Trans lives enrich workplaces; schools, hospitals, law firms, supermarkets, forcing communities to accept gender fluidity, forcing gender norms to wobble, shift and then remake.

That’s if said communities can open their minds to the idea that ‘all is not right in the inn’.  The inn and its occupants are suffering; girls do better at school and higher education but are still paid much worse, in some countries female education is outlawed. The number one killer of young men in the Western world is suicide; boys trying to be men, men trying to be men.

The inn is rotten, the inn is full of lies which feed untruths which spit out regrets. Gender stereotypes still rule and hold fast on a society which aches for truth and authenticity.

Trans lives, trans people can show the way.

Trans people let go of binaries to migrate across, sometimes not all the way; the epic truth inherent in the non-binary world is surely the only healthy way forward.

None of us are just one thing or one dimension. There is no such thing as a manly man, or a feminine woman, just notions we ascribe to democratise value.

Tall = expensive, fat = costly

Trans people are not at ‘their’ tipping point, they/we are marking the tipping point of cis society which is almost rotten to the core and failing miserably to mend its own fences and boundaries far too often scent marked with outdated piss.

Non-trans (cis) society can grow up; it desperately needs to, and it can use the purity of the trans experience as a start point, not the destination but a start point.

How?

Firstly by truly embracing the notion that nothing is fixed and that wrongs can be made more right and that a perfect life is a wasted life and that a near perfect life is a pretty splendid thing.

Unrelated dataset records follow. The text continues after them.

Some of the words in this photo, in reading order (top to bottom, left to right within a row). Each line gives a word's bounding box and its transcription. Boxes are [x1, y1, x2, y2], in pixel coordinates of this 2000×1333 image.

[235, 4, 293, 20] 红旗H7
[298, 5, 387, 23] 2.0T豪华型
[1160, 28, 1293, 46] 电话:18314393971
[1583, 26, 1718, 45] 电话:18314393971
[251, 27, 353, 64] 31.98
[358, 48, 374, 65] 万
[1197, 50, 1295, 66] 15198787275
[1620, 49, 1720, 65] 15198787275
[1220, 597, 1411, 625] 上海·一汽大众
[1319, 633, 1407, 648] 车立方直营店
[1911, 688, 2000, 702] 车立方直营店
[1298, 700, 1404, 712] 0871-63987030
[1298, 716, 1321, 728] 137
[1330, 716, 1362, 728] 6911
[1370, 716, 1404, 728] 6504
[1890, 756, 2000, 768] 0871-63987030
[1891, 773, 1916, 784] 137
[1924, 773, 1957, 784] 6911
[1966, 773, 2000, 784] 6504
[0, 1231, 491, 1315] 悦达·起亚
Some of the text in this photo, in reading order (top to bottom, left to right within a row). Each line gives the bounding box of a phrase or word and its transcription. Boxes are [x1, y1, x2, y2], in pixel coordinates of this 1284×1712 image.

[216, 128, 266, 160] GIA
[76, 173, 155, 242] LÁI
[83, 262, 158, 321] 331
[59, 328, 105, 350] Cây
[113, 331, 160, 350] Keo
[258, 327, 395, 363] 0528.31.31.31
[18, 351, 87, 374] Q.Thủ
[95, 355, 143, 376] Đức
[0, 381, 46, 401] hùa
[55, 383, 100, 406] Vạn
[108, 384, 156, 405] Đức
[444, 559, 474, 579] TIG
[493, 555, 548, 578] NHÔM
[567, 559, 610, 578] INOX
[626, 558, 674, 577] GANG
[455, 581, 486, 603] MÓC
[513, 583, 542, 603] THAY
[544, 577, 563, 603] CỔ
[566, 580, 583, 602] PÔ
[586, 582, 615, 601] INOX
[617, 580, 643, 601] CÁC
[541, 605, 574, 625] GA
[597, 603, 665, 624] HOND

Secondly society can stopping wanting to be in control of others and stop wanting to order others. Even trans people do this sometimes but a vast section of trans folk don’t. If we, for a minute look at some very successful (by your definitions) trans people, say Laverne and Paris then we see two people who support and don’t judge, whom forgive but ask that others learn, whom strive for a better existence for many whilst they could very easily think only of themselves.

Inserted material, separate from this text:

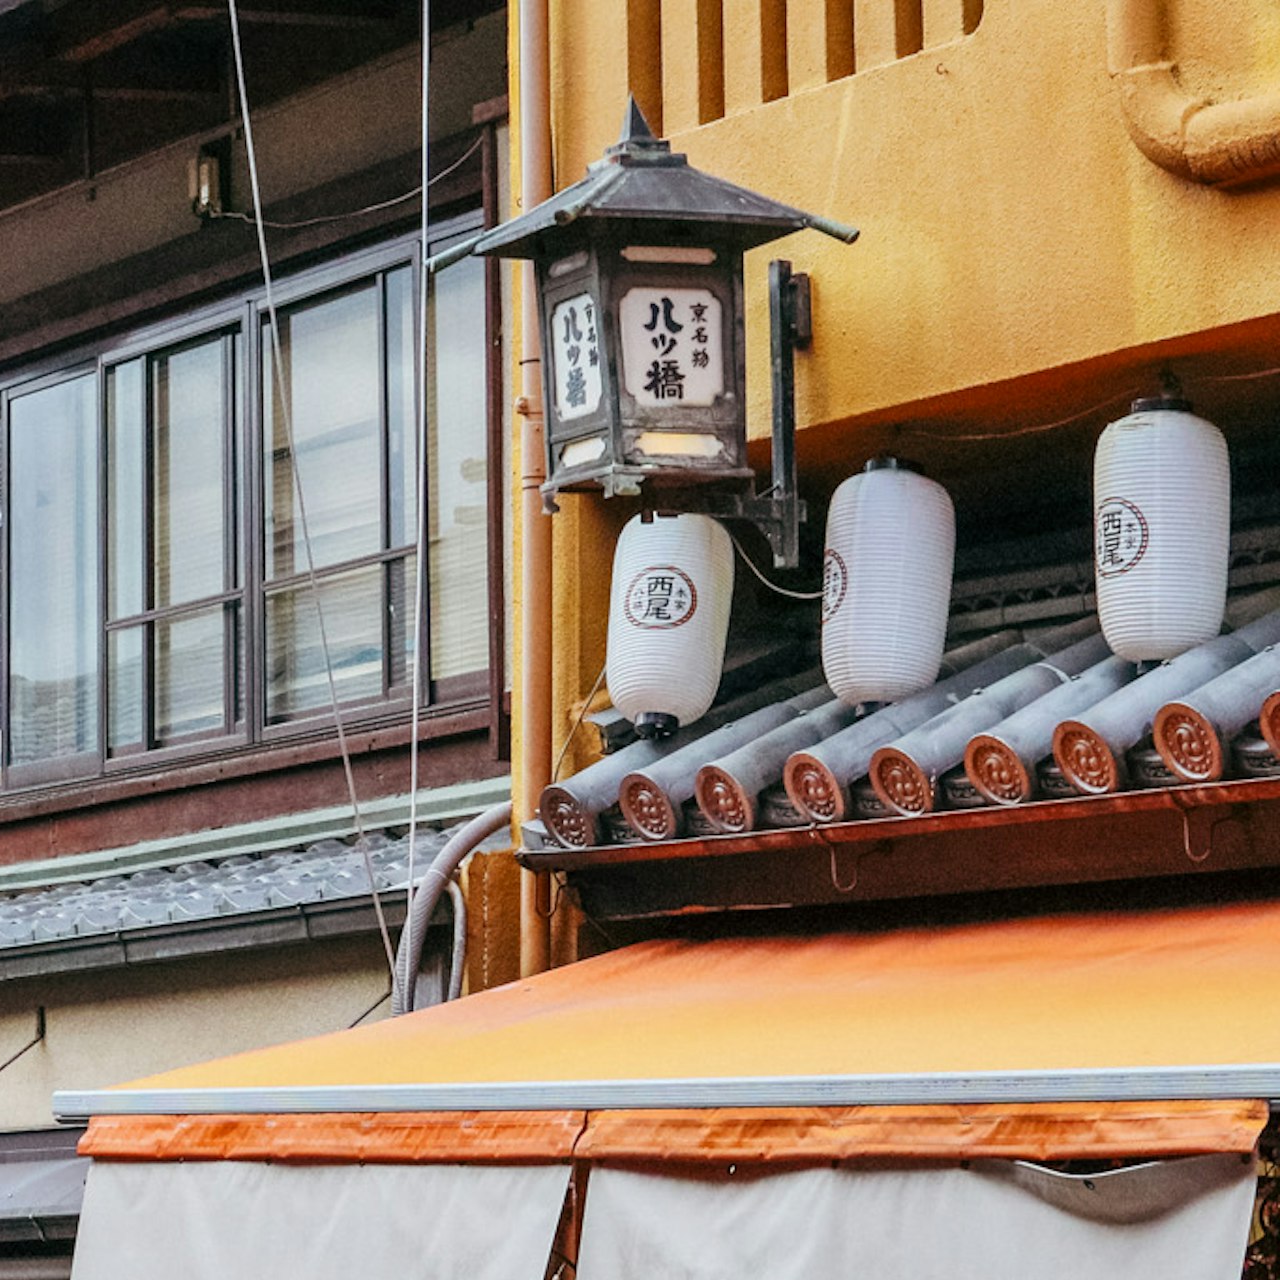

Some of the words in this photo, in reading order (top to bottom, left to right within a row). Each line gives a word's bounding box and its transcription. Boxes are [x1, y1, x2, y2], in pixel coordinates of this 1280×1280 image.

[689, 303, 709, 368] 京名物
[642, 576, 675, 620] 西尾

They are truly role models.

They are not religious or iconic or emblematic, they are ordinary folk who sought authenticity and did that so brilliantly that they rose up to the top of their professions. Yet they are still fixed firmly to the ground by their own will. They are decent.

Learn from them, I know that daily the trans community does.

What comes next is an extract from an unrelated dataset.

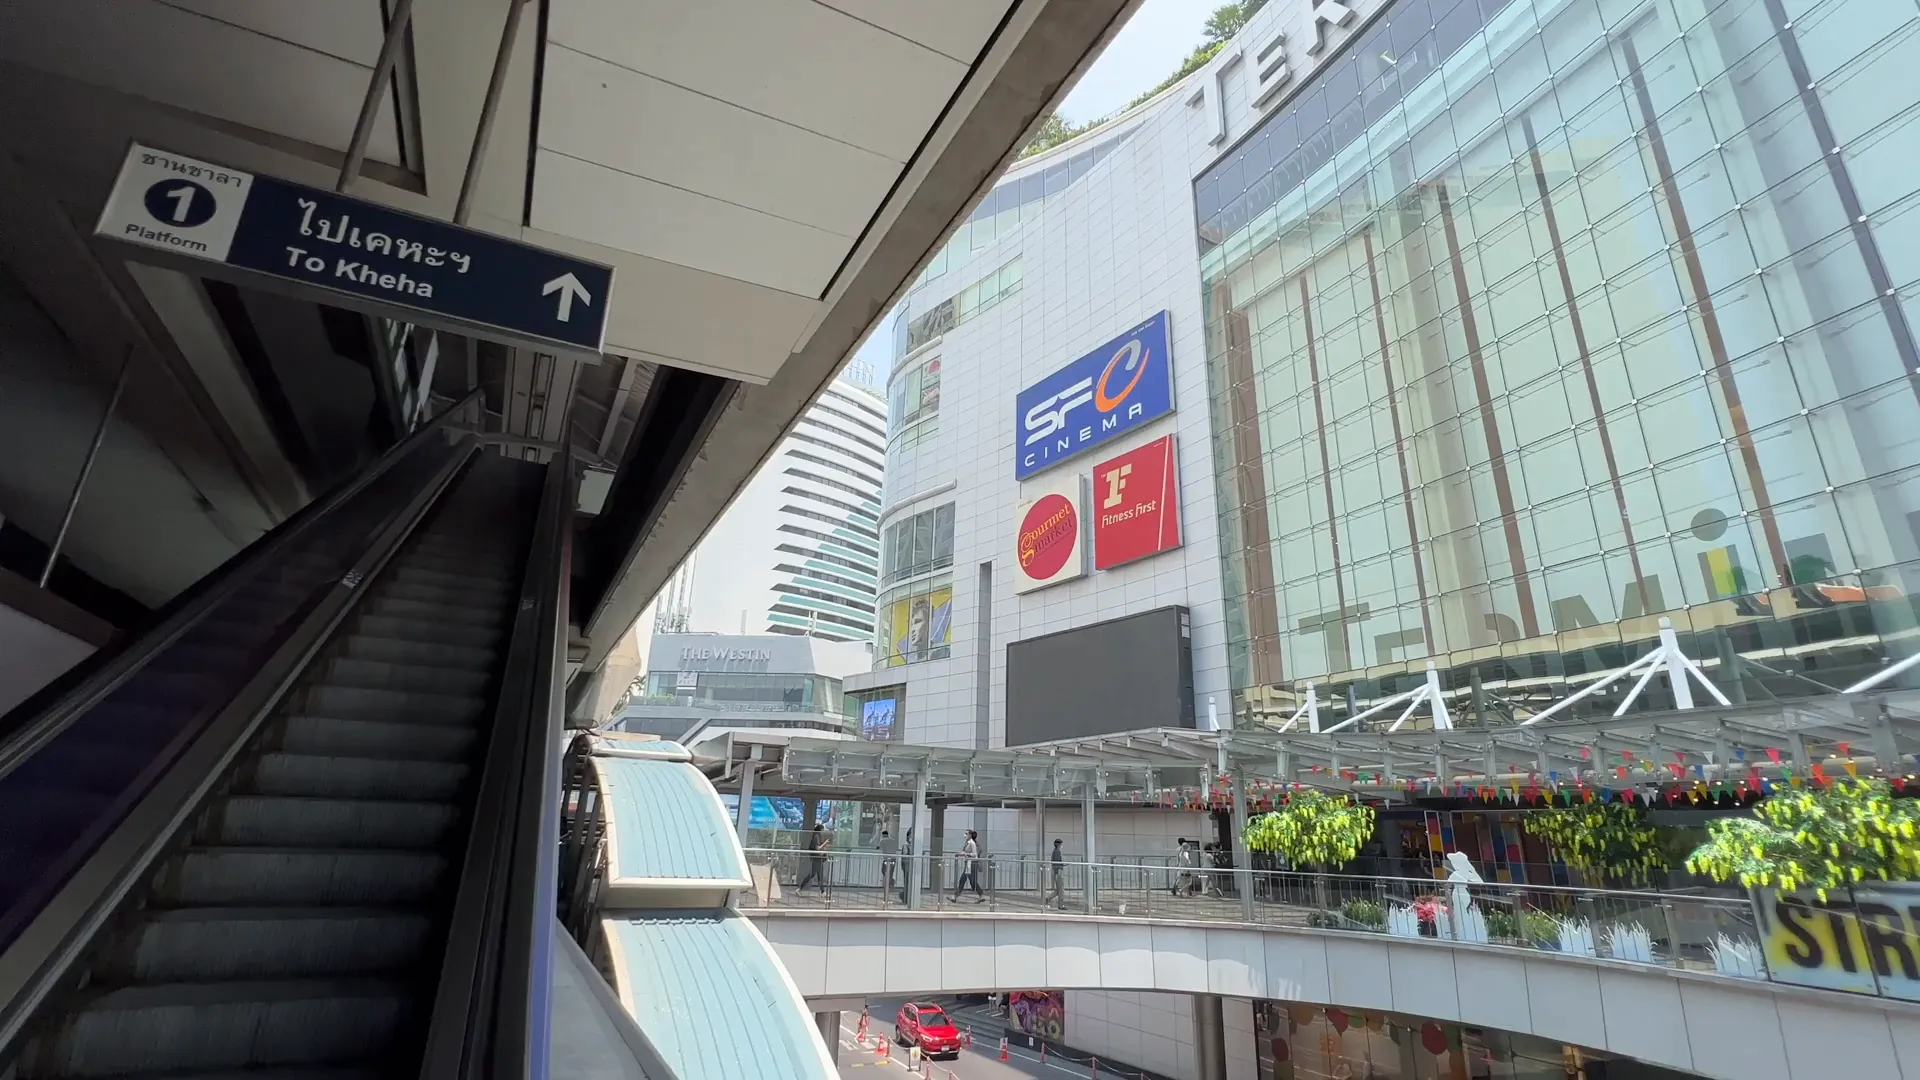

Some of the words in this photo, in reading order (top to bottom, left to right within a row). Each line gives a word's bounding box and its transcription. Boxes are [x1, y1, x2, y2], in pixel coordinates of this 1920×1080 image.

So embrace and yet allow the hug to not be controlling.

Thirdly let gender go, it really doesn’t help a single soul to become a better, bigger or more decent person. It loads us up with baggage from the minute we are born. If there was no gender would I still have wanted a vagina, yes I imagine I would but would it have been easier to be a girl and then a young woman with a penis yes most definitely.

Gender doesn’t help anyone trans or cis. Children suffer terribly as they struggle to fit. And if you, we, I are honest the fit is pretty dam slim. So let it go, or at least in stages stop ‘genderising’ everything; colours, toys, places, actions, behaviours.

Try it now, switch stuff in your mind, imagine what it’s like growing up as boy when boys are expected to be able to fight, imagine what it’s like growing up as a girl when girls are expected to be caring.

Can’t fight, sissy

Doesn’t care, butch

 

It’s such a tough environment that we have accepted; let’s change it.

So there are three points that you, they, we can do to change things.

But mainly I would ask one thing, if someone tells you they think they are going to transition throw your hands in the air, scream and then dance. Hug them and arrange a party.

Celebrate them and their journey. Give them a card (card designers get working).